Con mucho respeto y tranquilidad, más concentrados en sus propuestas que en los errores del otro, transcurrió el segundo gran debate de los candidatos en televisión. Varios hechos sobresalieron en el debate.

El primero fue que el único que recibió ataques directos de sus contendores fue el ex ministro de Defensa, Juan Manuel Santos. Primero fue el candidato liberal Rafael Pardo, quien le recordó la acusación que le hizo hace cuatro años sobre sus supuestos vínculos con las FARC y lo increpó varias veces para preguntarle si en verdad creía en esa acusación o simplemente había sido una jugada política del momento. Santos le respondió que ya había pasado mucho tiempo y que ya se había excusado por ello.

El segundo ataque, pero este más directo, provino de Noemí Sanín, en la que pudo ser tal vez su única salida sobresaliente, cuando lo acusó de ofrecerle el ministerio de Defensa a Darío Montoya, director del Sena a cambio de que lo respaldara políticamente. Santos negó el hecho y dijo que renunciaba a su carrera política si algo así se comprobaba. Noemí Sanín ripostó diciendo que eso le haría bien al país.

Otro momento para destacar, fue cuando los candidatos debían elegir un contendor para un cara a cara: tres de ellos, Petro, Vargas Lleras y Santos decidieron interrogar a Mockus, tal vez reflejando el sentimiento en el país respecto a las propuestas del candidato, pues debido a su gran crecimiento en las encuestas hay quienes han salido a decir que es un candidato mediático pero con pocas propuestas concretas.

Vargas lleras preguntó sobre las FARC y Venezuela, Santos sobre la educación técnica y Petro sobre la reforma laboral. En las tres preguntas, Mockus se vio seguro y concreto a tal punto que no mereció contrapunteo de sus tres interlocutores.

Ningún otro candidato tuvo más de una pregunta, tres de ellos se quedaron sin interlocutor y fueron los periodistas quienes cuestionaron.

Ese cara a cara fue el momento que Noemí aprovechó para su acusación contra Santos. Vargas Lleras utilizó de nuevo la figura del regalo (un lápiz que dijo que iba a entregar a Mockus) tal como lo hizo con Pardo en el debate de RCN y la revista Semana.

El minuto frente al público fue aprovechado especialmente por Mockus y Petro para lanzar propuestas concretas de Gobierno, Petro enumerando los puntos clave de su eventual presidencia y Mockus afirmando que el respeto a las leyes hará de Colombia un país más feliz.
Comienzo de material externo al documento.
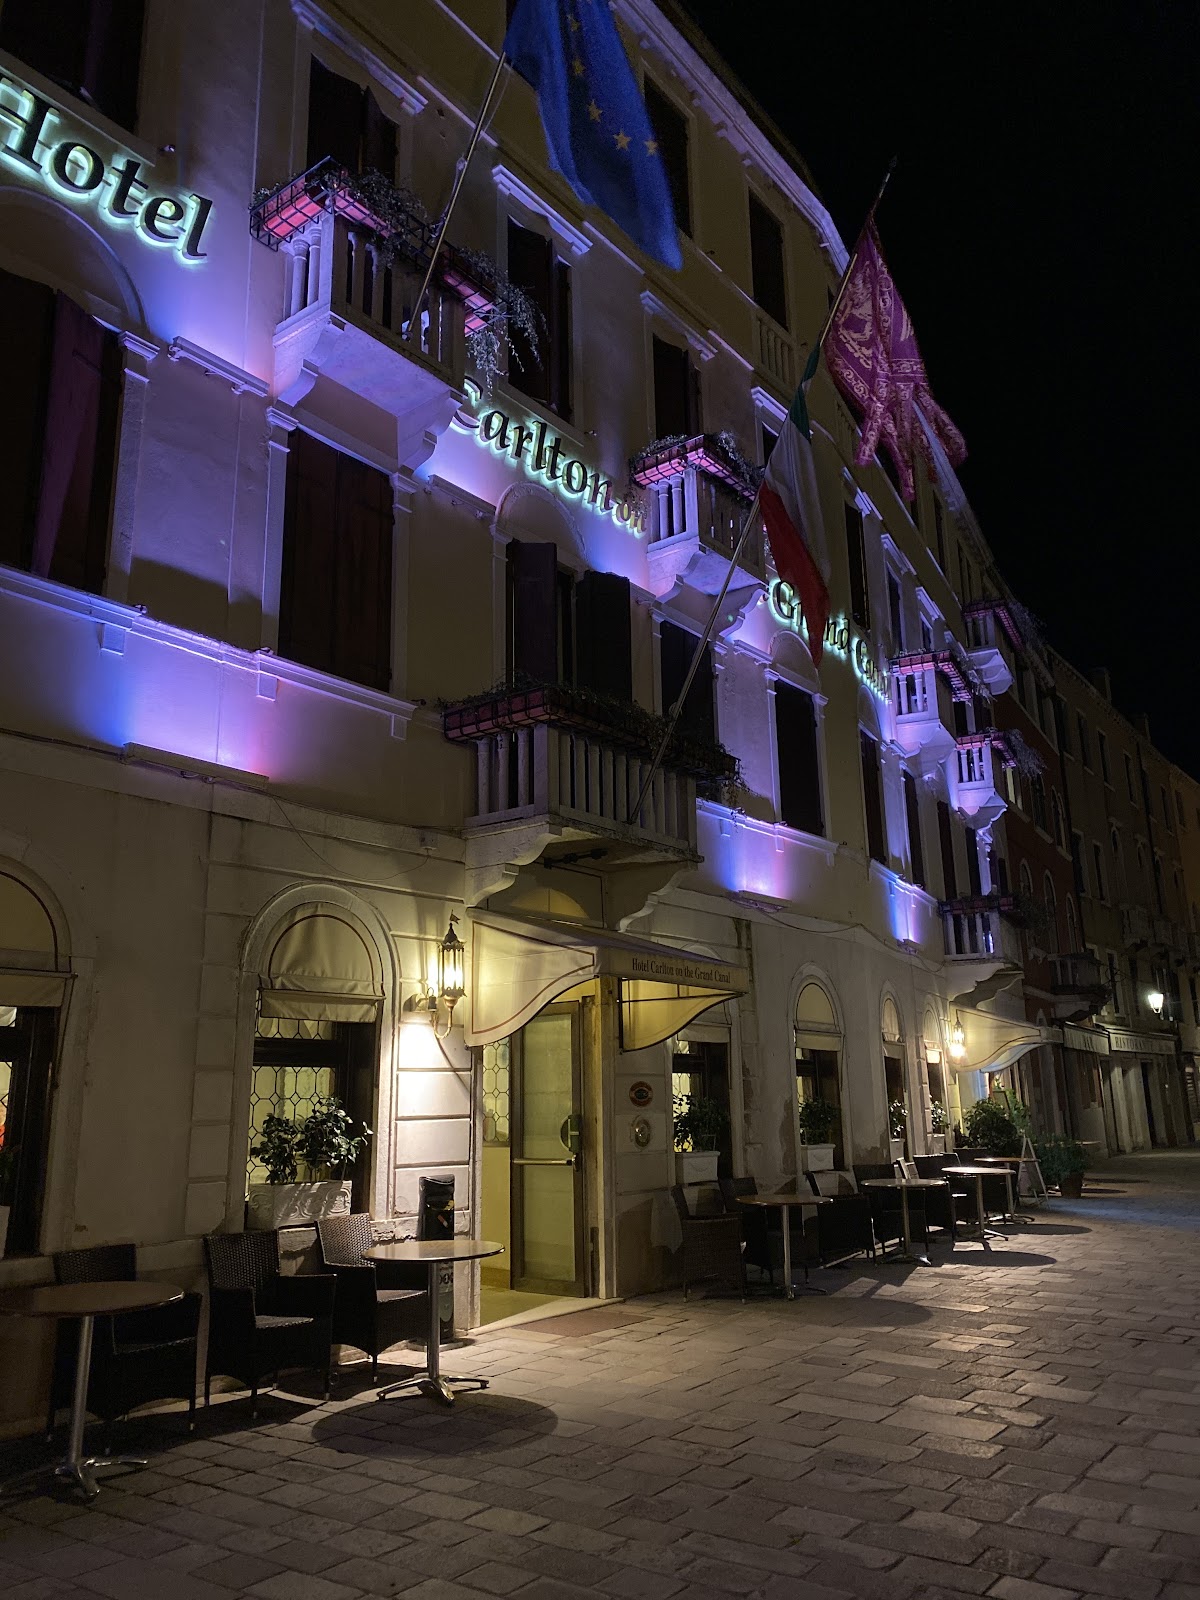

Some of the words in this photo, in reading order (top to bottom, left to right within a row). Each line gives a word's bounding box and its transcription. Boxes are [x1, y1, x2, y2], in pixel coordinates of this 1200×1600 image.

Vargas Lleras se tomó ese minuto para ratificar que va a primera vuelta sin alianzas y Pardo para decir que no tiene aspiraciones personales, sino de partido. Noemí dijo que era el momento de la mujer en Colombia y que luchará contra la miseria, además de prometer firmeza frente al terrorismo. Santos reiteró su frase de no ceder ante la seguridad democrática y prometió fortalecer la educación.

Una de las preguntas clave del debate se dio al principio del mismo y fue cuando se les interrogó sobre si ordenarían una operación similar a la que dio con la muerte de alias “Raúl Reyes” mediante el bombardeo de un campamento de las FARC en Ecuador.

Ninguno de los candidatos quiso casarse con un sí o no. A Mockus se le vio dubitativo cuando dijo que no recordaba cómo había reaccionado en su momento, pero que hoy no ordenaría un ataque igual; Vargas Lleras lo celebró, pero advirtió que si se tratara de un país como Venezuela hoy no daría una orden similar; Noemí Sanín dijo que buscaría la colaboración de los países vecinos; y Santos afirmó que se sentía orgulloso de haber tomado esa decisión en su momento, pero no concretó si hoy ordenaría una igual.